I remember asking the rental agent who was showing us our first apartment why the closets were so tiny and why there were only three of them in a four room apartment. His answer was that the building had been built pre WWI. I still didn't get it so he said that he guessed that people in the time the building was built just didn't own so many clothes like we do now. Since we know that they didn't go naked in the streets they must have been able to make do with less clothing.

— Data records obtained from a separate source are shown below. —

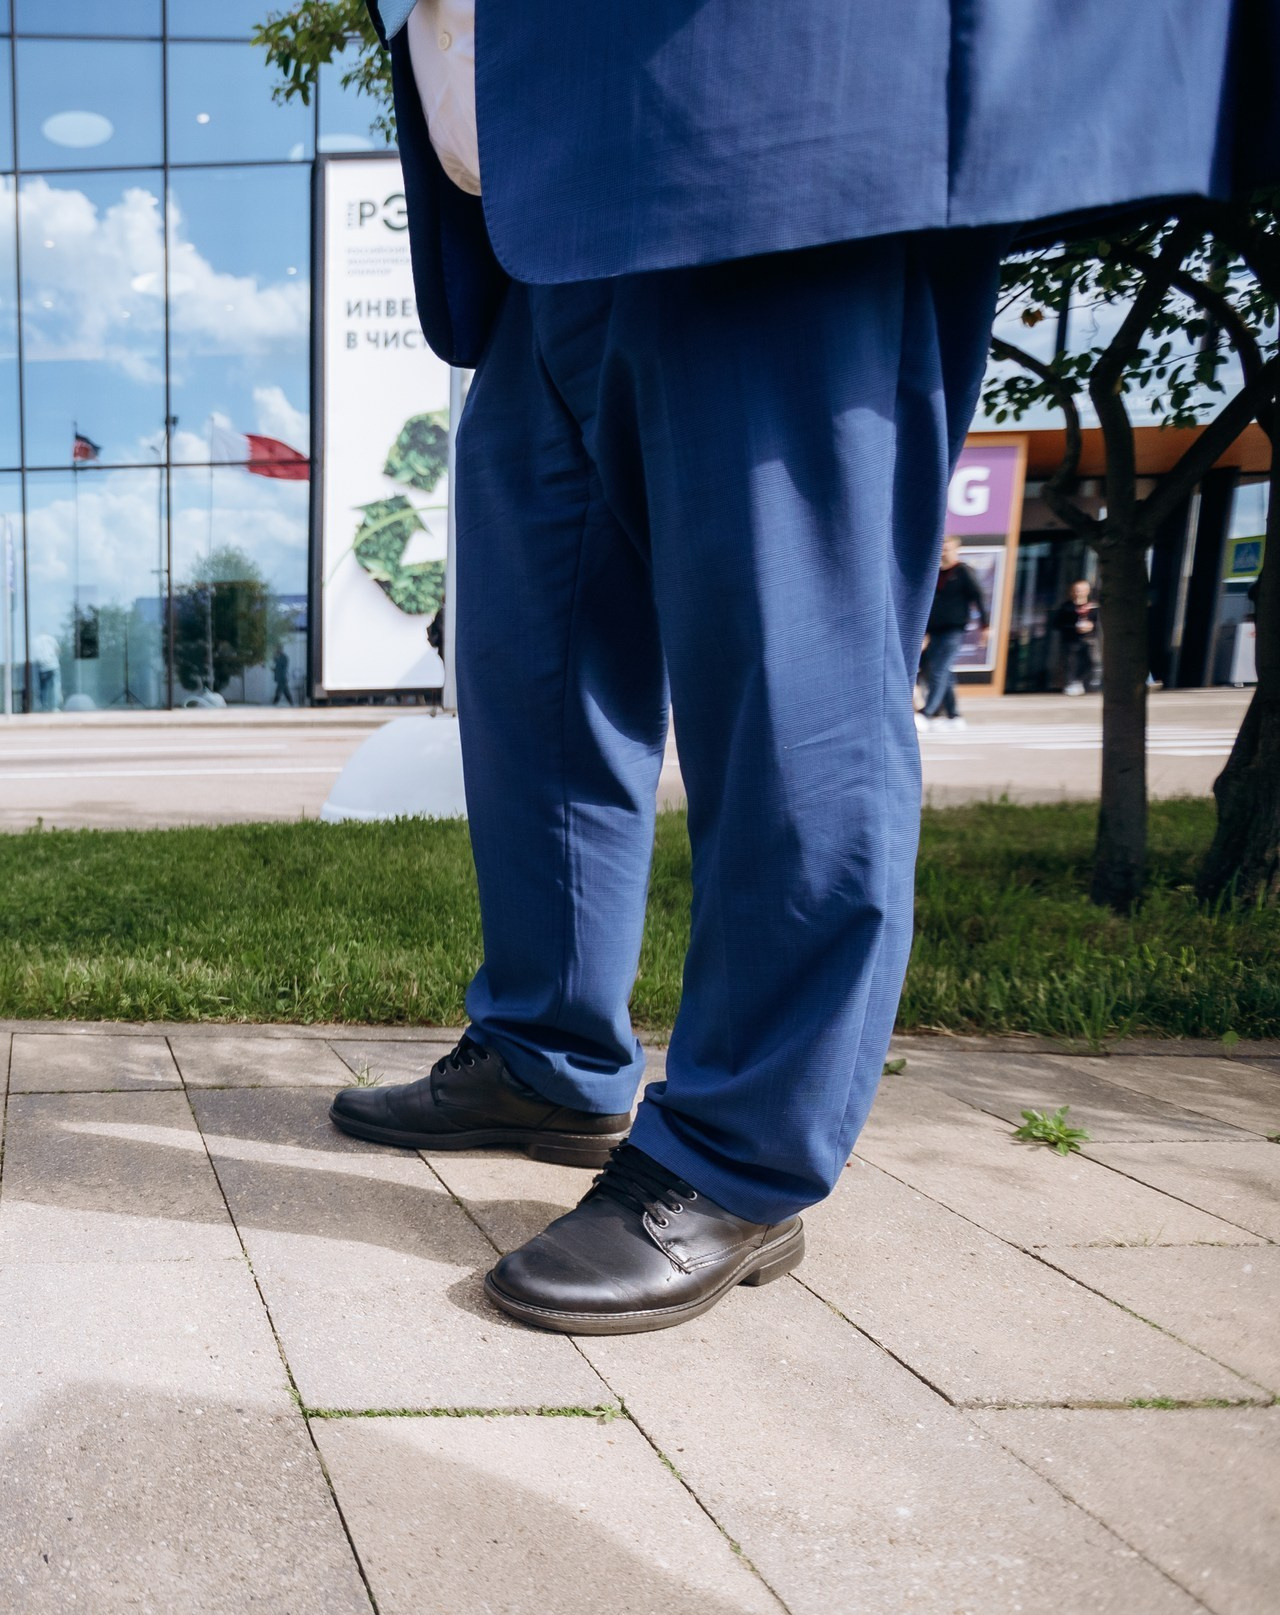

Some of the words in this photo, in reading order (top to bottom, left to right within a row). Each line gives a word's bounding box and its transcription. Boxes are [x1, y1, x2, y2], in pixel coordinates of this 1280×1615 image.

[358, 193, 408, 231] РЭ
[346, 299, 417, 318] ИНВЕ
[346, 331, 358, 349] В
[366, 330, 427, 349] ЧИСТ
[948, 466, 991, 516] G

And maybe one reason for the stuffed closets is that people, me included, are a little bit lazy and don't want to have to deal with pulling out all the weeds and replanting the garden. We put it on a list to do someday and someday hasn't yet arrived.

G6 said...

OK, how much did my husband pay you to write this post???
You know, they might come back in style and I might lose/gain the weight required to fit into them and some of them are just plain SENTIMENTAL....

Anonymous said...

When we bought our house there was a small room attached to the master bedroom, probably for a baby to sleep in. Instead my husband remodeled it into a walk in closet for me. Our family used to call it the Black Hole-things went in there and were never seen again. I couldn't bring myself to get up the energy and lots of time that cleaning and clearing it up would take until my MIL casually mentioned one day that when the time came for me to die the people who would have to clean out that closet were sure to learn all kinds of interesting things about me that they had never known before. I ended up cleaning the thing out (first time I had actually seen all the walls and the floor in a long time)and the MIL was right. My youngest child was in high school so why were my maternity clothes still in the closet? And the shoes that I wore to my wedding that pinched my feet all night? And a bridesmaid dress I wore to my sister's wedding before I was even married?

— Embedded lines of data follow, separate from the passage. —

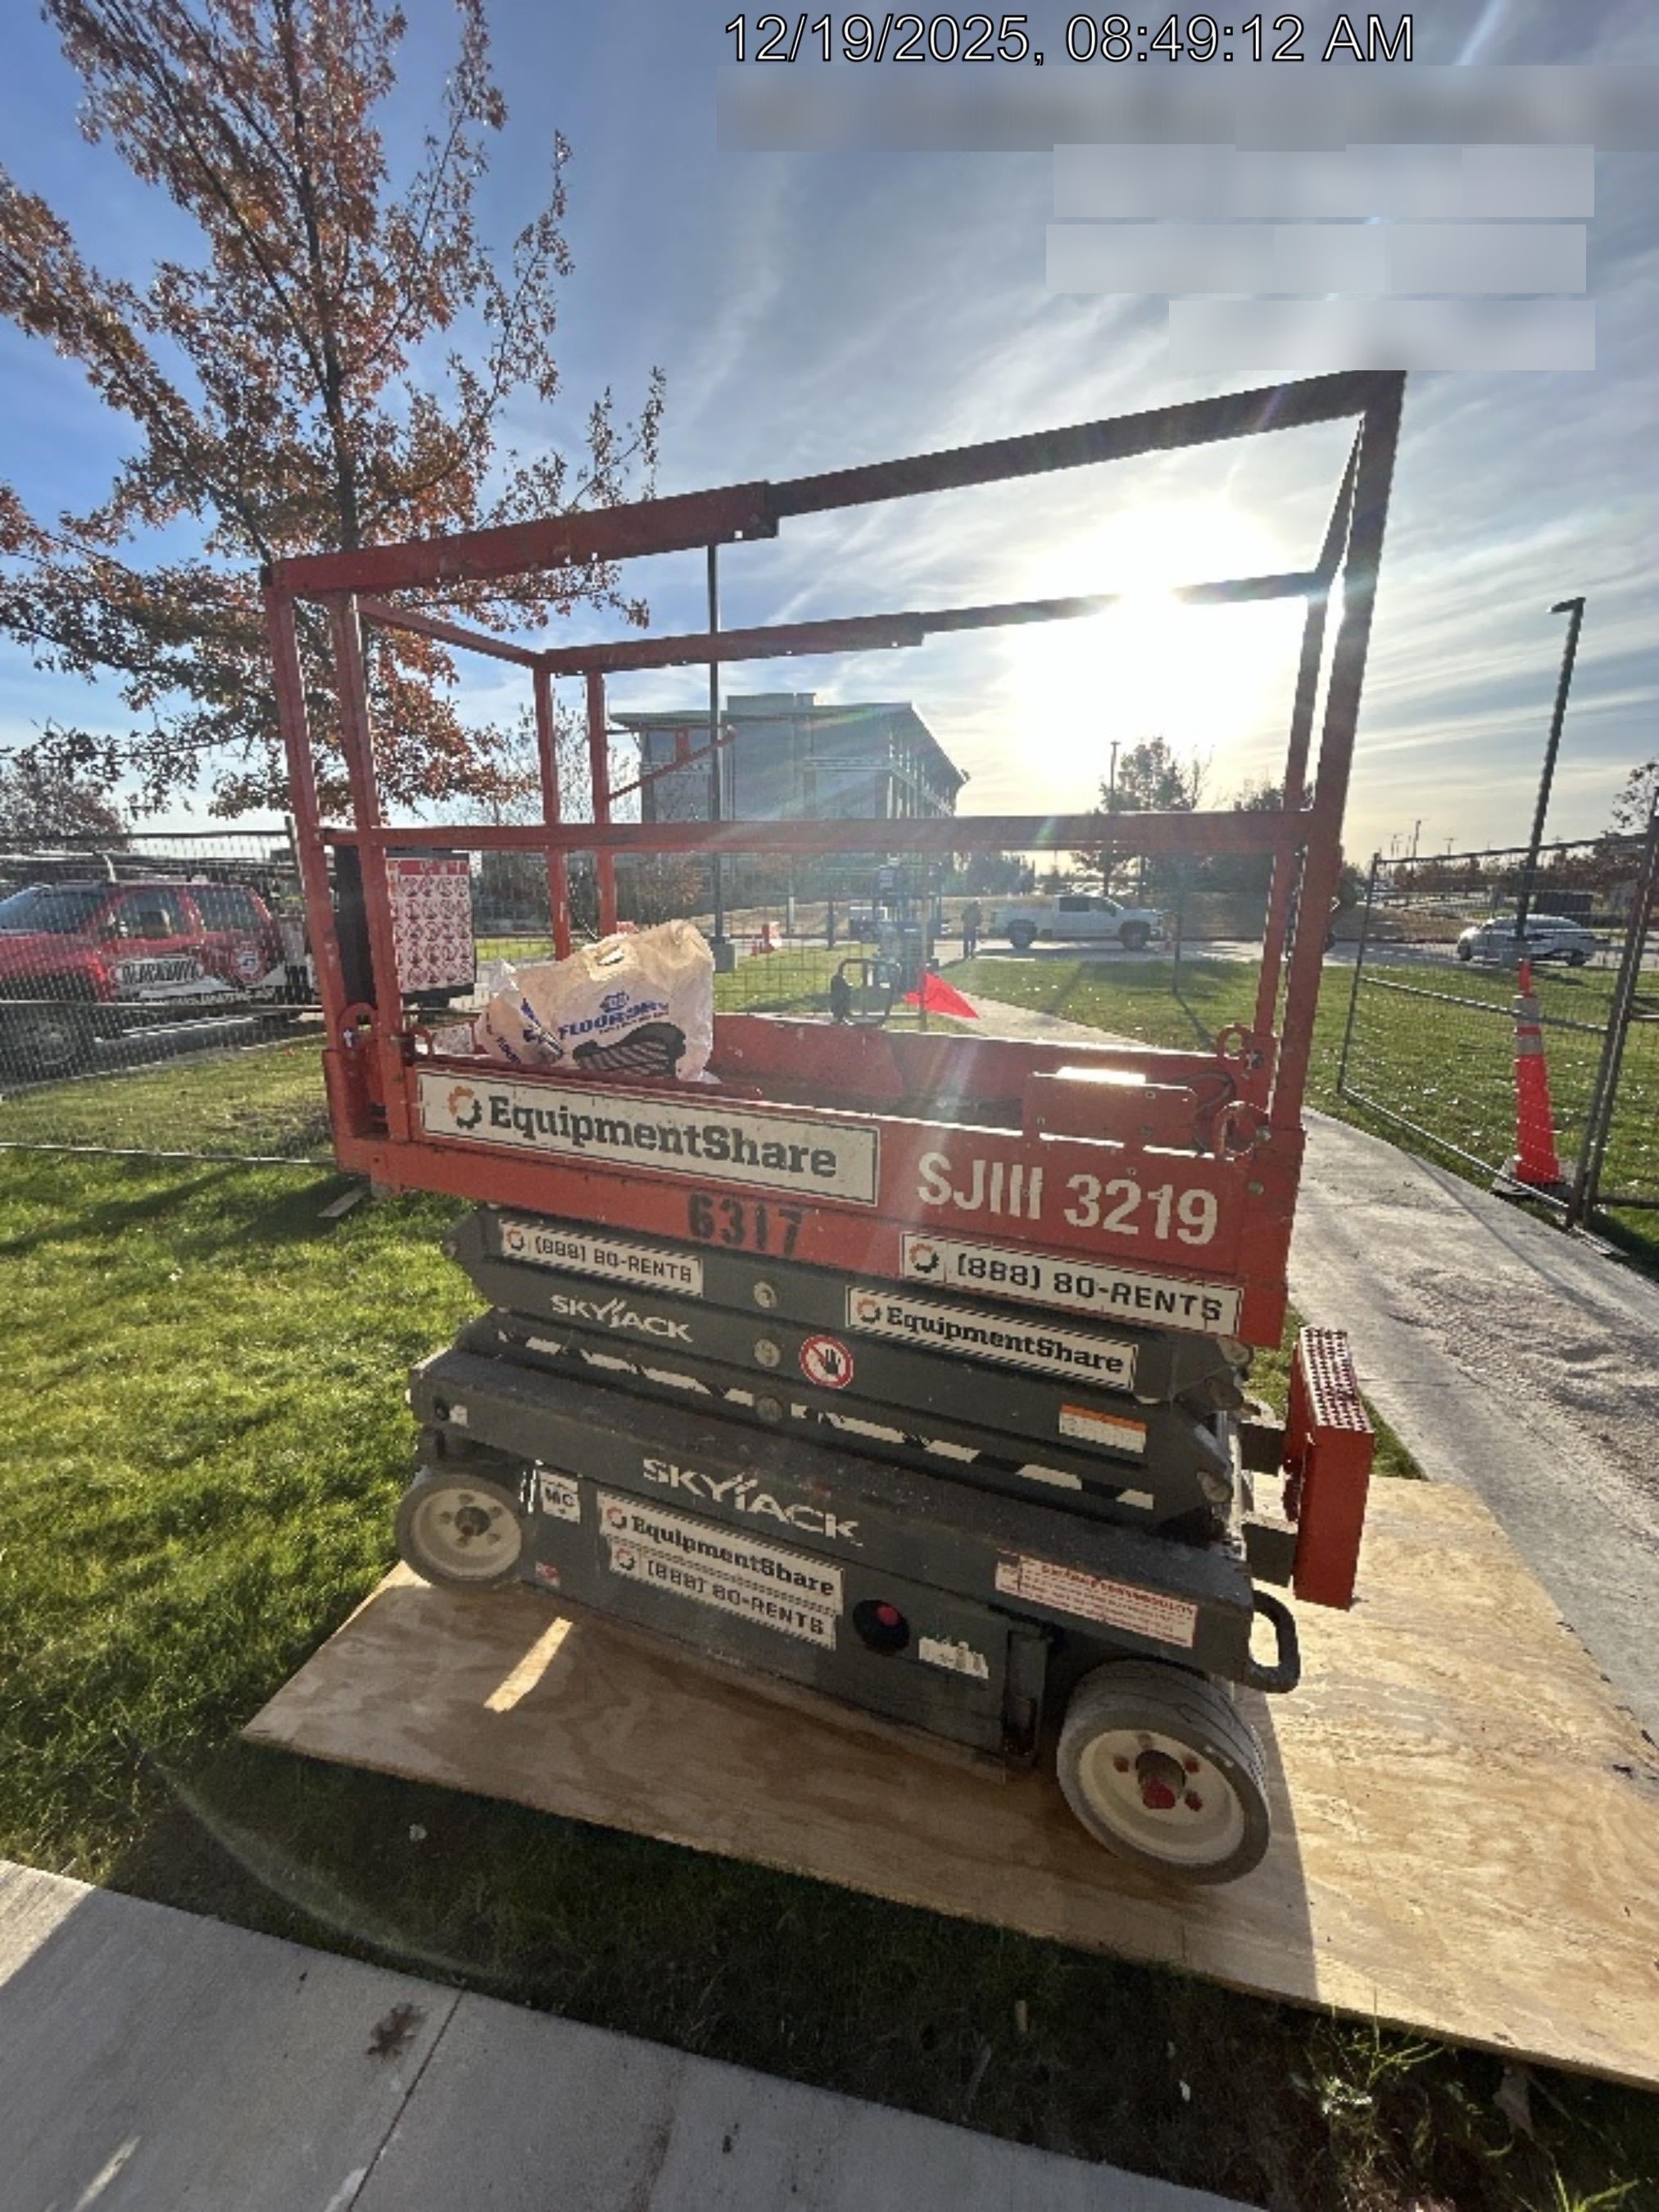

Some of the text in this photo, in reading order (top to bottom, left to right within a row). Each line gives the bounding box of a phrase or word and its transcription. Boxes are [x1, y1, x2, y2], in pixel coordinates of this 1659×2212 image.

[488, 1095, 836, 1178] EquipmentShare
[687, 1191, 807, 1257] 6317
[1064, 1173, 1218, 1246] 3219
[551, 1293, 694, 1344] SKYJACK
[957, 1253, 1223, 1322] (888) 80-RENTS
[886, 1303, 1124, 1375] EquipmentShare
[642, 1458, 864, 1548] SKYJACK
[630, 1514, 834, 1597] EquipmentShare

If gardening doesn't get you in the mood to clean the closet then just think of death and strangers pawing through your things and commenting on how strange what you saved was.

A Living Nadneyda said...

I've actually found that certain fabrics that are labeled "dry clean only" can be hand washed.... i.e. cottons with elaborate silk screens can be washed in cold water, with an extremely mild hand soap, and then ironed, and they come out looking fabulous. Same for most linen.... it's annoying to iron, but it comes out fine.

Wouldn't take a risk on silk, of course.

The benefits of reducing our dry cleaning load can be felt far beyond the wallet... the chemicals used in dry cleaning are horrible for the air we breathe, the ground water where they are dumped, and most directly, the people employed to clean the clothes, who are exposed to these chemicals all day long. I say, avoid buying "dry-clean only" except for very special occasions.

Anonymous said...

ALN,
Items made from Rayon and Rayon blends can shrink beyond recognition if they come in contact with water and the heat of a dryer or press iron. And there is no way to know which combinations will shrink until you wash them. Sad experience speaking here.

Anonymous said...

Not even the threat of death and strangers going through my things could get me to throw away my maternity clothes. I gave them away when my then youngest was 11. Four months later I was pregnant. I figure I'm keeping them now until I collect my first social security check.

Maya Resnikoff said...

My tip for clothes shopping is to do your shopping at thrift shops, or on clearance for the next year as much as possible, and look for what flatters you, rather than the precise thing that's the most "in" that season- they'll last longer. And anyways, if it's at Goodwill, I can get a skirt that I'll wear once a week most weeks for $8-10- that works out to a pretty cheap per-wear rate quite quickly... Then if I want to spend more on something once in a while, it still averages out to be reasonable.

My other favorite trick is swapping clothes that you're sick of with a relative or friend.